While one might think reporting what happened in an open forum would be simple and straightforward, I quickly found out there were a number of contradictory assessments as to what exactly transpired on several occasions.  I would chalk this up to the nuance of “parliamentary” procedures, challenges with speakers and listeners for whom English is their 2nd or even 3rd language, and yes, of course, the biases (including my own) of those watching.  What follows is what I’ve been able to glean from a handful of attendees, news reports and in some instances my own viewing of the live feed.

The IHF Proposal to Split Pan America into Two Federations: All but Approved

When I awoke Saturday morning this agenda item had already been covered, but I was able to rewind the Youtube feed backwards 2 hours to see/hear PHF President, Mario Moccia speaking.  It was in Spanish with no translation, but it was clear that he was angry and upset.  It turns out that the Congress had taken a vote on the IHF President’s proposal to split Pan America and that it had passed 102 to 24 with 6 abstentions.  According to Spanish speakers who listened to a Handball de Primera radio podcast Moccia was protesting that a vote was taken prior to any discussion on the matter, that the vote was open (not secret ballot) and that the vote was even taken at all since all of the Pan American nations were against the proposal.

Following Moccia’s protestations, IHF President Hassan Moustafa then spoke outlining the reasons for the proposal and chastised the PHF for its failure to develop the sport.  In particular, he noted that PHF’s growth from 19 to 40 nations was directly attributable to IHF efforts and not the PHF.  Further, he noted his discussions with the U.S. Olympic Committee and the Los Angeles Olympic Organization Committee and that the PHF has made no efforts to develop the sport in North America.

The IHF President then indicated that the issue would be deferred to the IHF Council for a final decision.  As the IHF Council has already recommended approval of the proposal one could assume that they will approve it again.  Still to be addressed is the timeline for the eventual splitting of the Federations and the allocation of qualification slots for the World Championships and the Olympics.  Of particular interest is a report at Handball-Planet that says a “reliable source” has indicated that North America would get its own Olympic Qualification Slot.  If true, this is a significant development and it would certainly call into question any claims to PHF unity in opposition to a split.  At least I would have a hard time understanding why any North American nation would still want to be part of a combined federation where Olympic Qualification would mean travelling to South America to beat Brazil and/or Argentina.

Elections not without Controversy

First, congratulations are in order for Canadian Handball Federation President, Racquel Pedercini who was elected Chair of the Commission for Development.  This should be beneficial to North America and its efforts to further develop the sport in this region.  This vote was interesting in that it was relatively close and that the other main candidate was Mario De La Torre from Mexico.

Other elections of note include Dr Hassan Moustafa’s unopposed re-election for yet another 4 years as the IHF President.
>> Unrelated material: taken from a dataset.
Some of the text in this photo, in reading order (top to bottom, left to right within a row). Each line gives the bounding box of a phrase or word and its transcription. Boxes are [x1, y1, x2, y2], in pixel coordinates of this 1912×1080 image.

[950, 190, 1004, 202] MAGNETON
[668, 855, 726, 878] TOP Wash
Dr Moustafa’s tenure has not been without controversy and the fact that he had no challengers really signals that he has solid support to push through his agenda and initiatives, like the proposed Pan American Federation split.

The election for the IHF 1st VP was controversial in that sitting VP, Miguel Roca won the first round of voting over Joel Delplanque of France and Ulrich Rubeli of Switzerland.  And, then according to reports he was even congratulated on stage for his victory until it was later noted that he had not received a majority and that another round of voting was required with the 2 highest vote getters.  In that 2nd vote he lost out to Delplanque 69-63 and some have voiced concern that some supporters might have left the room and not participated in the 2nd round of voting.
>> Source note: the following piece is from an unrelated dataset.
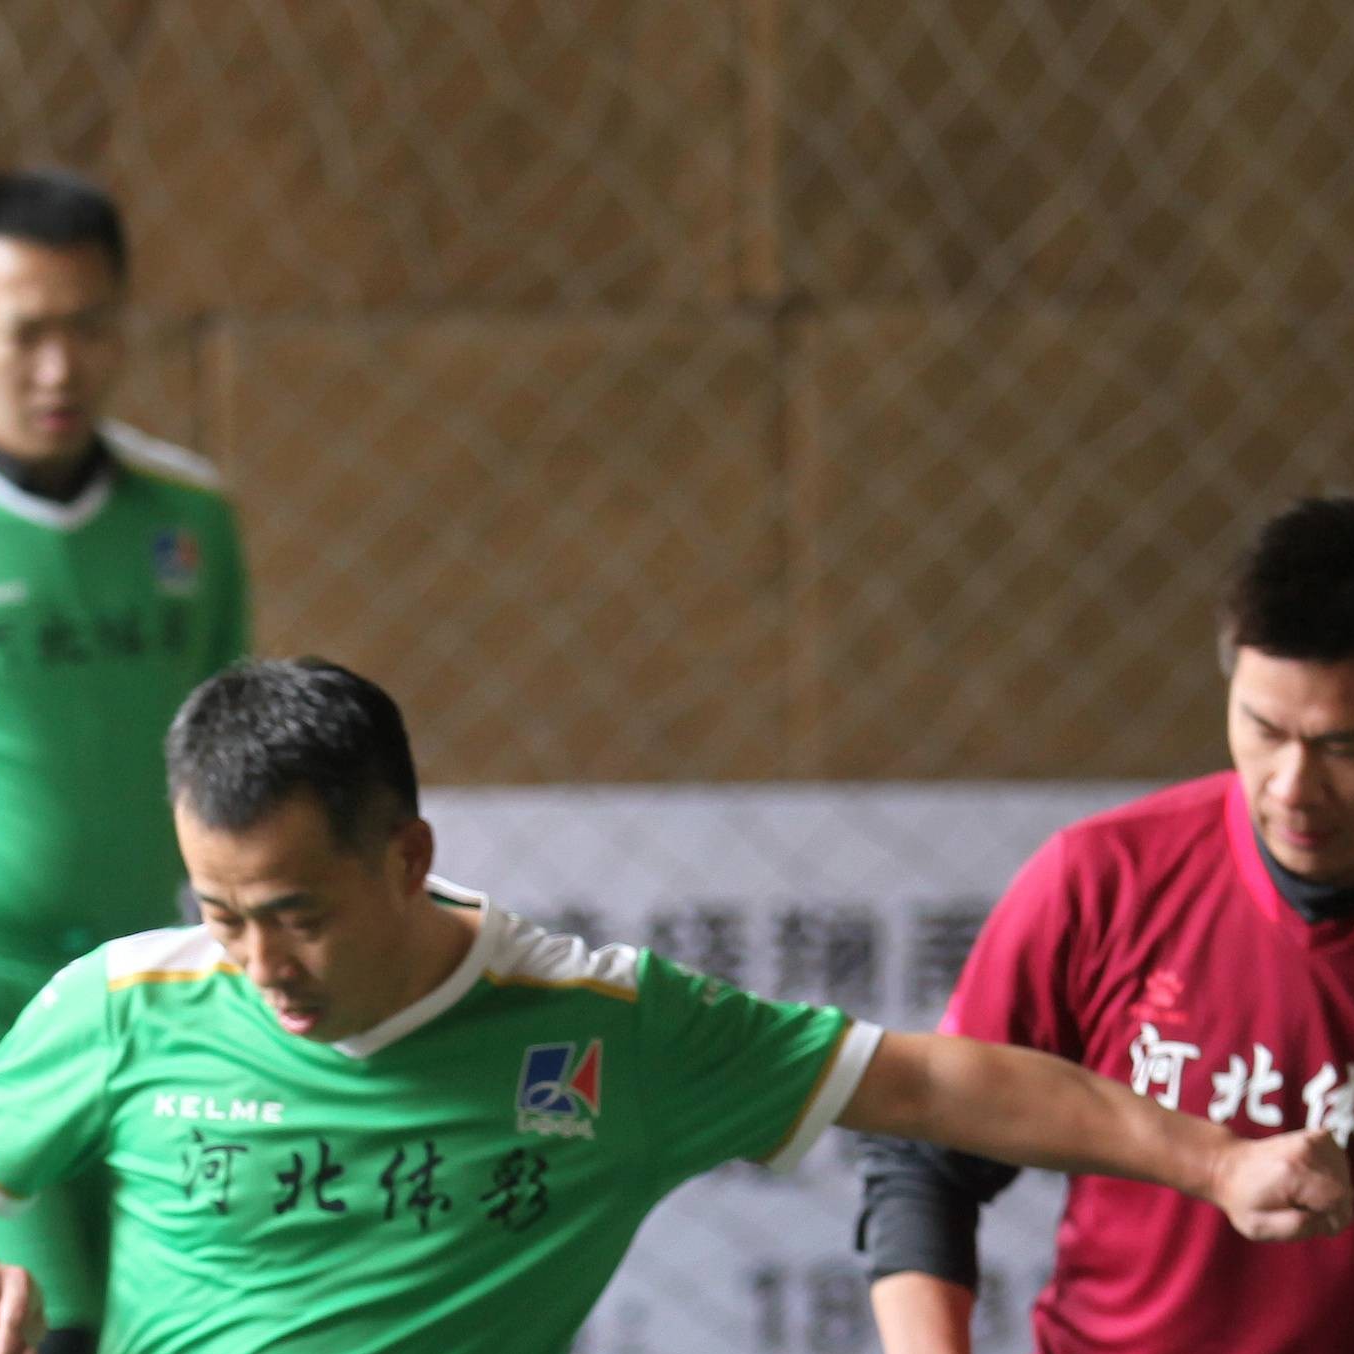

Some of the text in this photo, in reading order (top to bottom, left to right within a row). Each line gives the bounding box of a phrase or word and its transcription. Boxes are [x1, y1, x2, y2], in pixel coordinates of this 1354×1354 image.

The Executive Council vote provided drama in that Russian candidate, Sergey Shiskarev, was not included in the voting for failing to meet the criterion of “6 years high level involvement in handball.”  While Shiskarev has clearly been involved with sports at a high level for many years it’s certainly debatable as to whether he has 6 years of involvement with handball at a high level.  I did not personally see the drama during the during the vote itself, but I did have the opportunity to witness a very contentious and awkward exchange between Shiskarev and Moustafa during the agenda item confirming the next Congress’s host.  Normally such an agenda item is a perfunctory, almost celebratory confirmation, but in this instance it was a rebuke and withdrawal of Russia’s offer to host by Shiskarevev.  The exchange was heated as Moustafa seemed somewhat surprised by the withdrawal and chastised Shiskarev for using this agenda item to address his exclusion from the election.  Further, since the meeting Shiskarev has threatened to take court action.
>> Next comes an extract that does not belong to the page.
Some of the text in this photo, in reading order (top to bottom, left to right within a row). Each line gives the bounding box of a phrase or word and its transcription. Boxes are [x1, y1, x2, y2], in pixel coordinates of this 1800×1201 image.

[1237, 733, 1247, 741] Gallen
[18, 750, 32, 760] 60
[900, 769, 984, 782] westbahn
Both Genders on IHF Bodies and Testing of New Rules

Norway put forth a couple of motions that were easily approved.  First, IHF bodies will now be required to have members of both genders.  This seems like it should be a given, but this new rule should serve as an impetus for greater gender equity.  Additionally, proposed new rule changes will not be first tested by at least 3 national federations prior to implementation.  This should help avoid having a major tournament like the 2016 Olympics becoming the primary testing ground for a major rule change like the open goalkeeper substitution.

New TV Contract

MP&Silva was announced as the winner of the new global TV/Media rights contract and they will be responsible for selling rights to nations world-wide.  Notably, the award was made not just for 2 cycles (2019 and 2021), but for 4 cycles (2019, 2021, 2023 and 2025) meaning the MP&Silva will be the go to agency for the next 8 years.

The previous contract had been with beIN Sports and on multiple occasions they had struggled to sign deals with other networks/channels in nations that did not carry the beIN Sports network.  This resulted in no network broadcasts of the 2017 WC in Germany.  And, even in nations (e.g. USA) where beIN Sports has a network, they often chose to not broadcast any WC matches

MP&Silva will simply broker rights to networks world-wide for the IHF.  Terms of the deal were not provided.

IHF Summary of the 2017 Congress: Link

 

The IHF Proposes a Pan American Split (Part 2):  The Curious Politics Behind the Proposal and a High Stakes Vote in Turkey

The IHF President Proposal to split the Pan American Handball Federation in two and still on the agenda for the upcoming IHF Congress.  A major vote that could change handball in Pan America for decades to come.

The IHF Proposes a Pan American Split (Part 2):  The Curious Politics Behind the Proposal

In Part 1, I outlined the IHF’s proposal to split the Pan American Federation into two separate federations.  In Part 2, I look at the overall merits of the proposal, the curious politics behind it, and a looming high stakes vote at the IHF Congress in Turkey.

Not a Perfect Deal, but One that Makes Sense

As discussed in Part 1, there’s a lot of pros and cons to the IHF proposal to split the Pan American Handball Federation (PHF) in two.  Personally, I took some offense to the lack of World Championship qualification slots.  1 slot only for Youth and Jr Championships.  And, essentially half a slot for Sr. Championships.  While it may reflect the current competitive status of North American/Caribbean Handball it’s still quite a snub.  But, once I got over the snub and weighed the cost savings and the opportunity to create truly regional competitions I started to warm to the proposal.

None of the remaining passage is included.